Pourquoi Netanyahou n’a-t-il pas encore lancé Tsahal à l’assaut du sud du Liban ? Israël souffre actuellement d’un manque grave de munitions. Elles tardent à venir d’Amérique. Un sénateur républicain a même publiquement accusé l’Administration Biden de ralentir les livraisons américaines sous des prétextes bureaucratiques. Il est vraisemblable que les munitions américaines vont très bientôt arriver en Israël, dans la mesure où le Congrès lui est en grande partie acquis. Benyamin Netanyahou est d’ailleurs attendu à la fin du mois de juillet à Washington pour prononcer un grand discours devant les deux chambres réunies.

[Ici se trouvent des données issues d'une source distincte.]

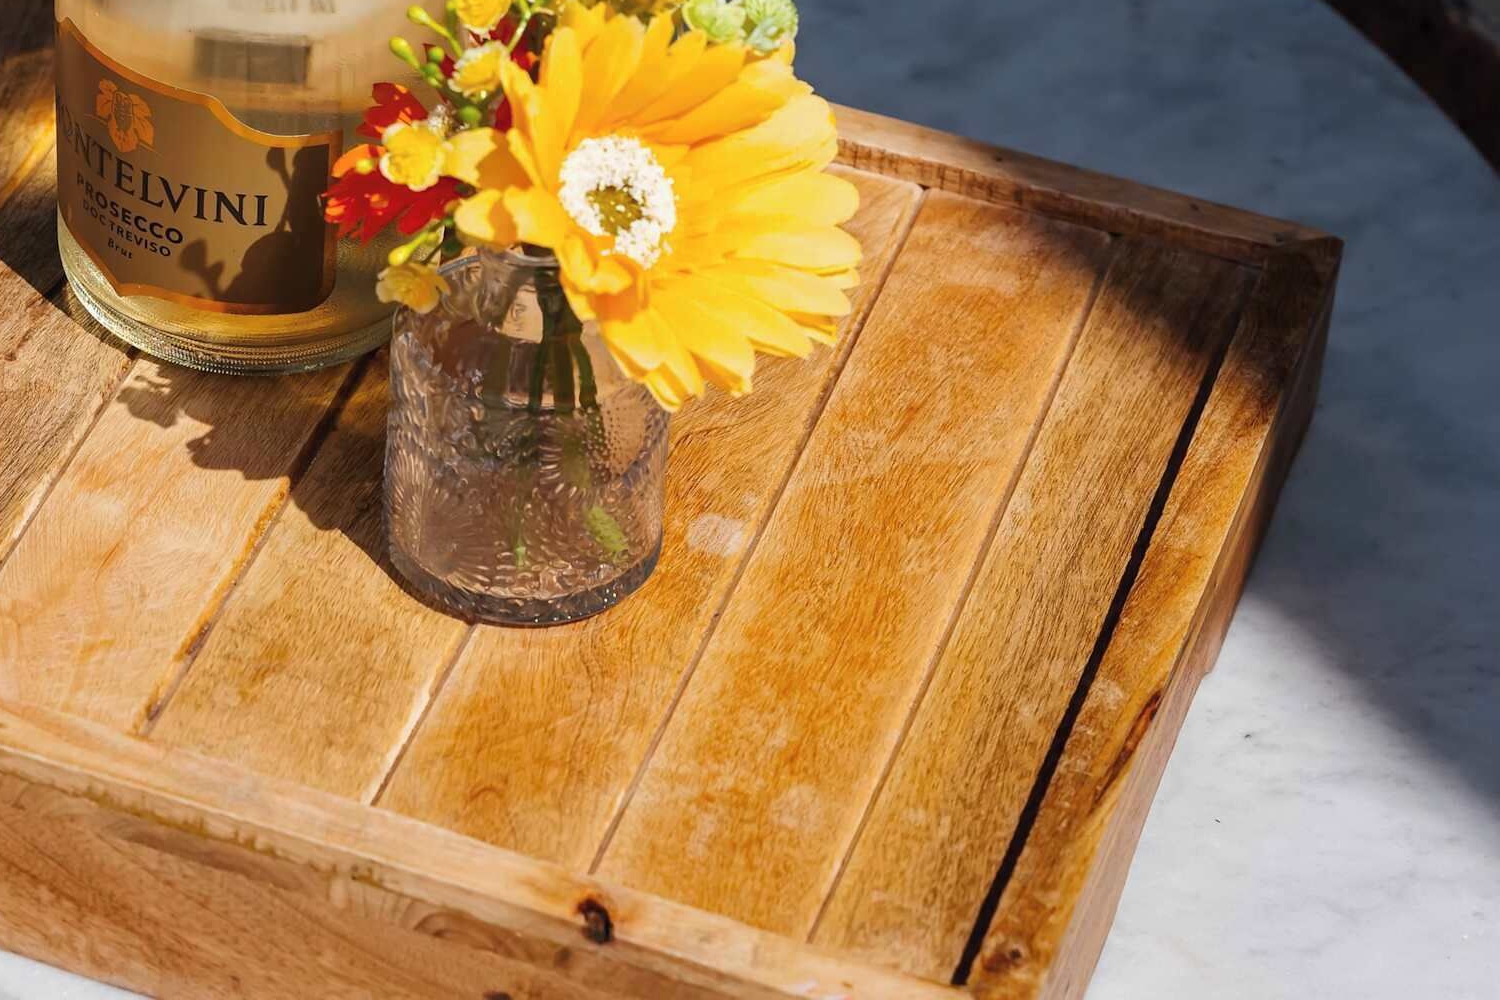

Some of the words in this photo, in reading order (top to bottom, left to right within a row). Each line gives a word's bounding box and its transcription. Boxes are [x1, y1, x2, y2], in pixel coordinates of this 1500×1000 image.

Dans la gestion de son problème sécuritaire au nord, Israël souhaite montrer sa force, sans obligatoirement la déployer entièrement. L’idée est plutôt de convaincre ses ennemis, le Hezbollah et l’Iran, de recourir à la diplomatie, pour éviter que le conflit ne détruise le Liban une seconde fois.

La France a donc, immédiatement, un rôle crucial à jouer d’intermédiaire sincère entre le Hezbollah et le gouvernement israélien, car aucune puissance occidentale ne connaît mieux qu’elle le Levant. Hélas pour les Libanais comme pour les Israéliens, les autorités françaises sont actuellement paralysées par une joute électorale interne qu’aucun acteur du Moyen-Orient n’aurait pu anticiper.